══ Provided records

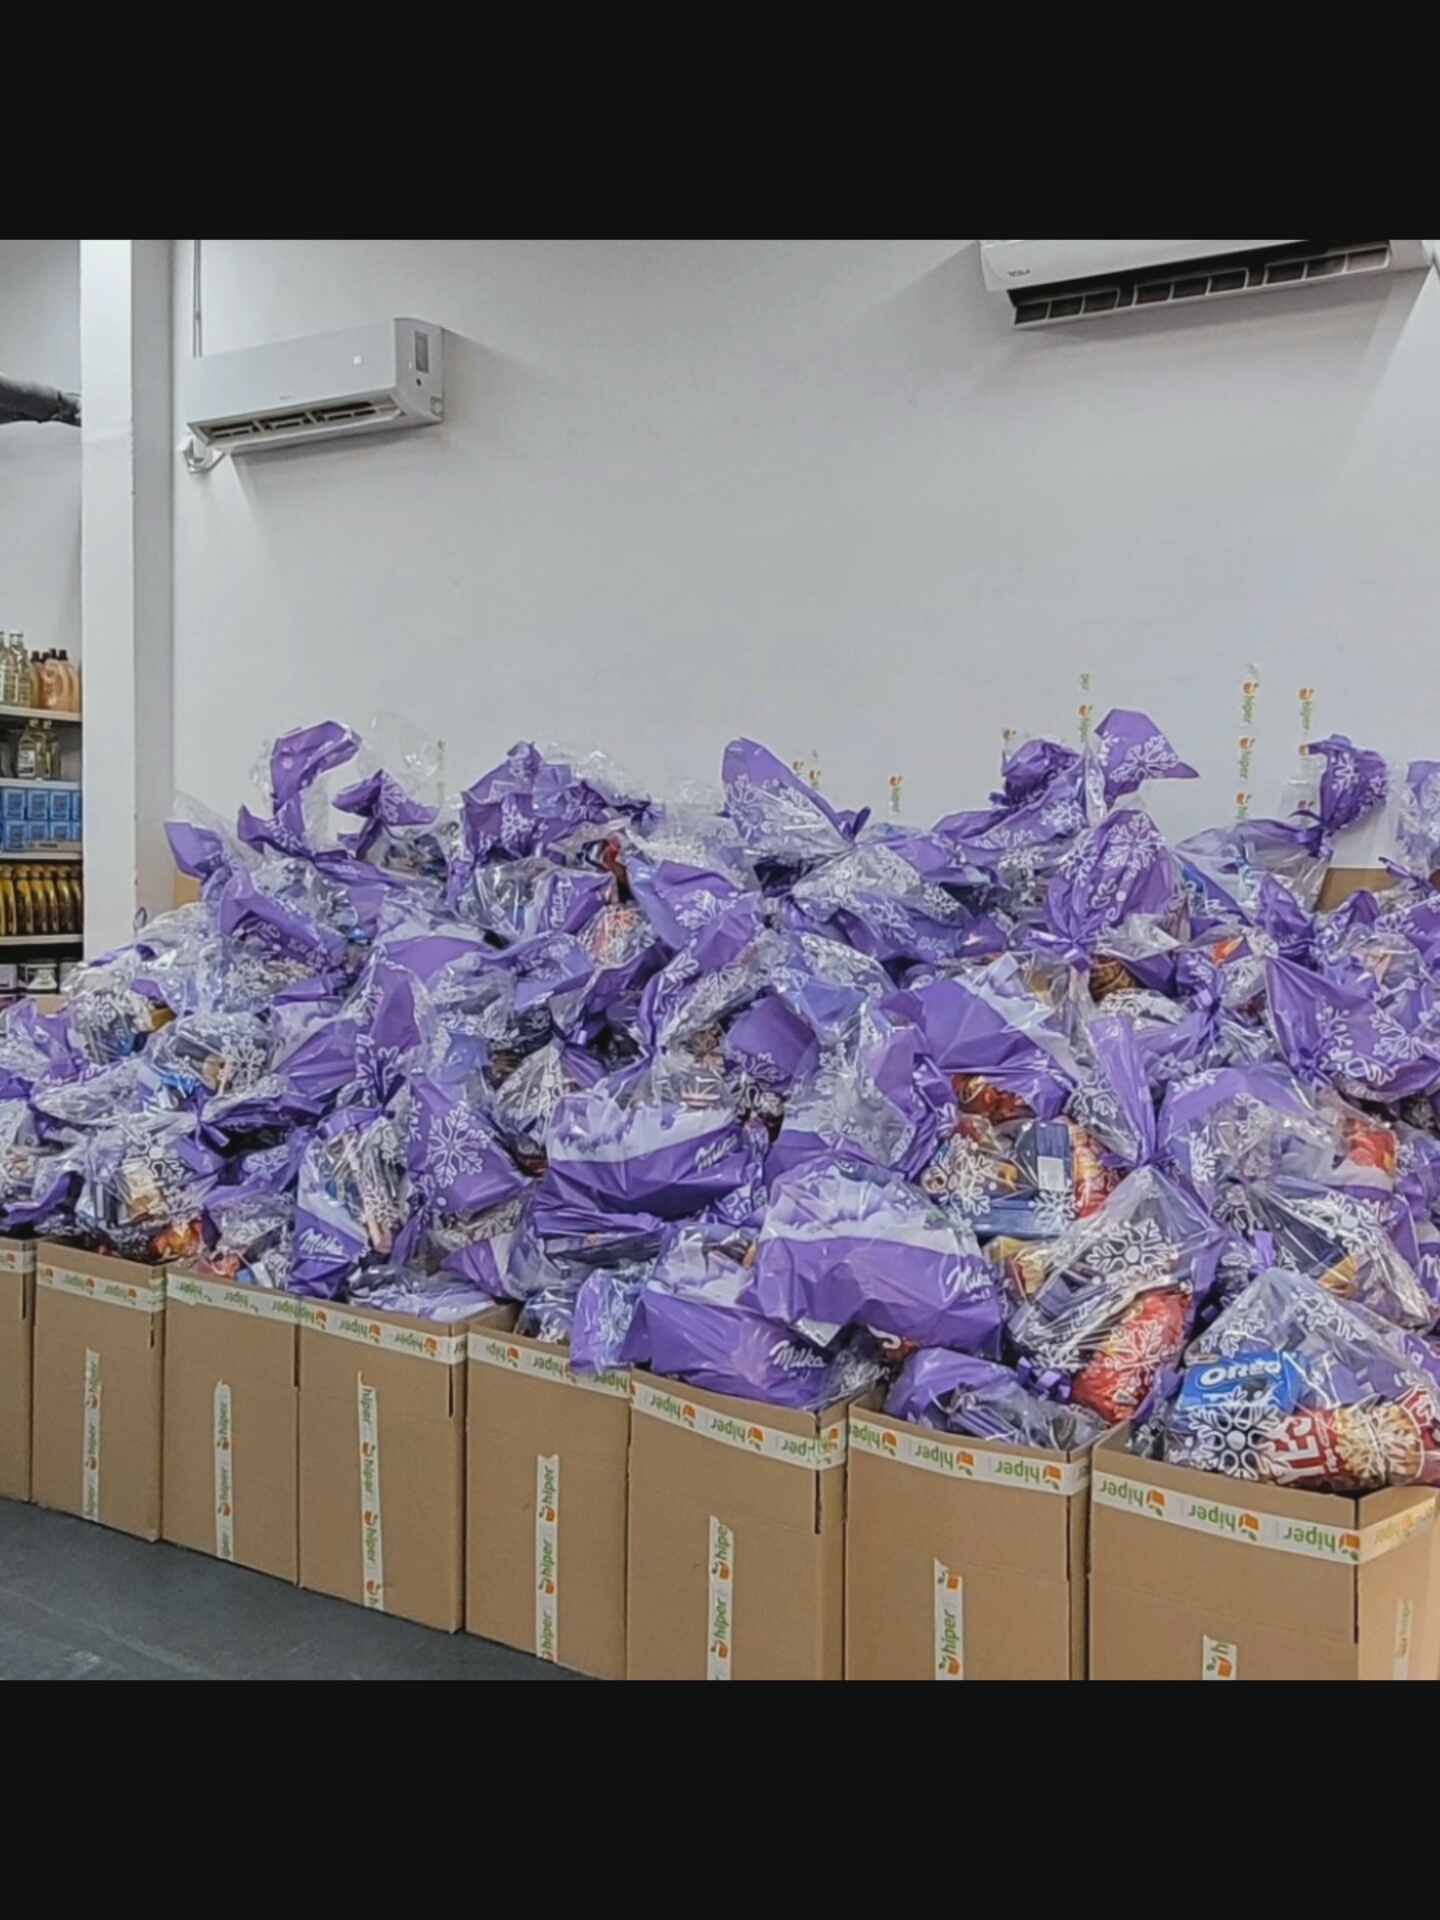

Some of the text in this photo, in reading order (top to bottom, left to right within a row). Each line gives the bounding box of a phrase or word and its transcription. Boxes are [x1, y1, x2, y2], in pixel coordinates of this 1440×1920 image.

[339, 1319, 368, 1338] hiper
[394, 1333, 424, 1351] hiper
[532, 1356, 564, 1378] hiper
[769, 1340, 828, 1372] Milka
[219, 1401, 229, 1436] hiper
[361, 1387, 373, 1425] hiper
[650, 1393, 681, 1418] hiper
[710, 1416, 746, 1443] hiper
[914, 1444, 954, 1469] hiper
[994, 1460, 1041, 1484] hiper
[219, 1466, 230, 1501] hiper
[362, 1458, 375, 1496] hiper
[541, 1465, 556, 1505] hiper
[1098, 1480, 1144, 1500] hiper
[1187, 1504, 1236, 1532] hiper
[365, 1527, 378, 1563] hiper
[1283, 1526, 1337, 1553] hiper
[540, 1538, 555, 1577] hiper
[541, 1610, 555, 1650] hiper
[713, 1597, 732, 1640] hiper
[940, 1609, 961, 1656] hiper

════

* [Task instructions] Print each entry exactly, leaving pictures out.

* [Solved problem]
Some of the text in this photo, in reading order (top to bottom, left to right within a row). Each line gives the bounding box of a phrase or word and its transcription. Boxes are [x1, y1, x2, y2], in pixel coordinates of this 1440×1920 image.

[339, 1319, 368, 1338] hiper
[394, 1333, 424, 1351] hiper
[532, 1356, 564, 1378] hiper
[769, 1340, 828, 1372] Milka
[219, 1401, 229, 1436] hiper
[361, 1387, 373, 1425] hiper
[650, 1393, 681, 1418] hiper
[710, 1416, 746, 1443] hiper
[914, 1444, 954, 1469] hiper
[994, 1460, 1041, 1484] hiper
[219, 1466, 230, 1501] hiper
[362, 1458, 375, 1496] hiper
[541, 1465, 556, 1505] hiper
[1098, 1480, 1144, 1500] hiper
[1187, 1504, 1236, 1532] hiper
[365, 1527, 378, 1563] hiper
[1283, 1526, 1337, 1553] hiper
[540, 1538, 555, 1577] hiper
[541, 1610, 555, 1650] hiper
[713, 1597, 732, 1640] hiper
[940, 1609, 961, 1656] hiper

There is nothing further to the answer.